For the past two years, not a single person of color was nominated in any of the 20 acting categories. And as the Academy, in reaction to those all-white selections, expanded its voting ranks to try to broaden its membership’s demographics, this year’s acting picks were more diverse than ever. Never before were black performers nominated in every single acting category until Sunday’s 89th annual show. And now, on top of that, “Moonlight” and its entire cast of black actors is named the best picture.

But a closer look at the nominees and the winners shows that in addition to grilling its accounting firm, the academy still has a lot of work to do.

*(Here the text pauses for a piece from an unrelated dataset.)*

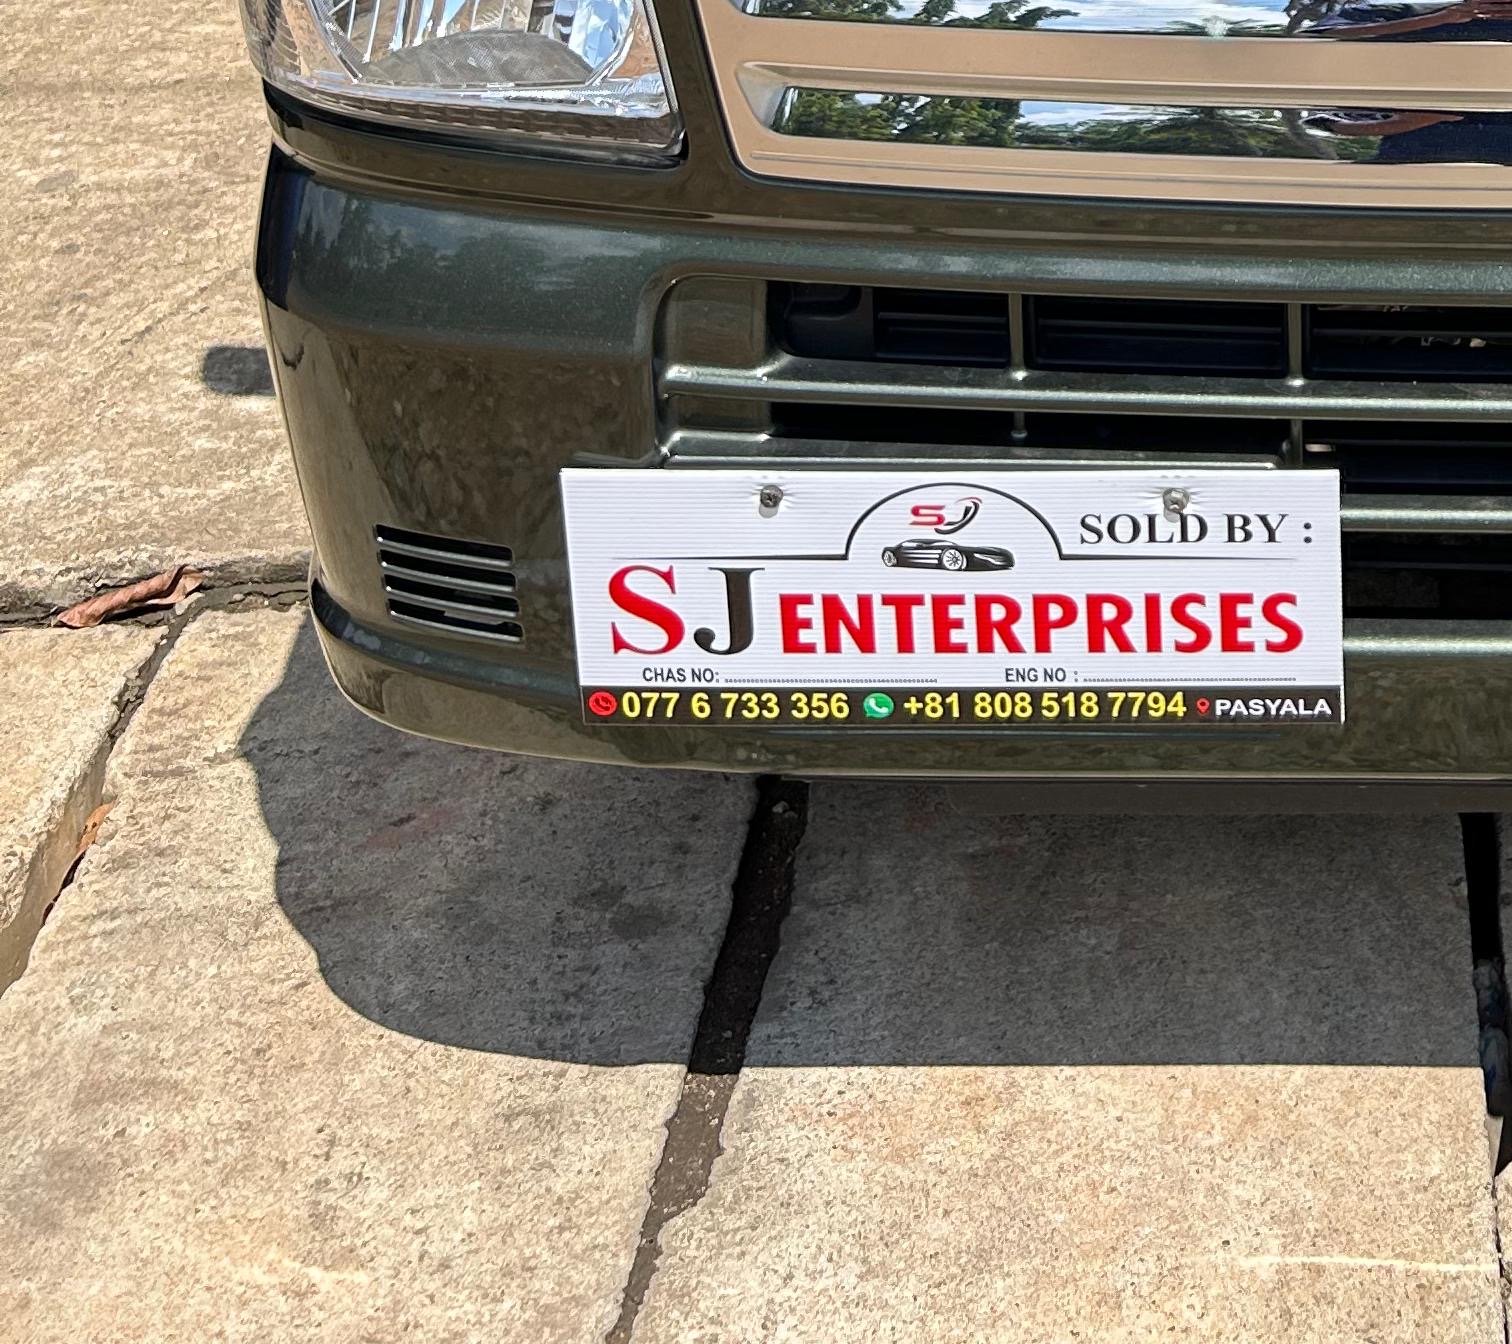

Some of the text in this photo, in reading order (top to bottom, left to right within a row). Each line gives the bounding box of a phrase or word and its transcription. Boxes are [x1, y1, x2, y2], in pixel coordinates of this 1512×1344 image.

Among the 18 people nominated for original and adapted screenplay and director (owing to shared screenwriting credits), there was just one woman shortlisted — Allison Schroeder for “Hidden Figures.” And when “The Jungle Book’s” visual effects team took the stage to pick up its Oscar, the winners were all — like their broader industry — white men.

Before the best picture gaffe, Warren Beatty said onstage: “The goal in politics is the same as our goal in art – to get to the truth.” Obviously, the truth as to who won best picture was not immediately clear.

But the ultimate truth of “Moonlight’s” coronation is what really matters, and beyond the accountants’ handing presenters the correct envelope, that win could end up being the night’s most teachable moment.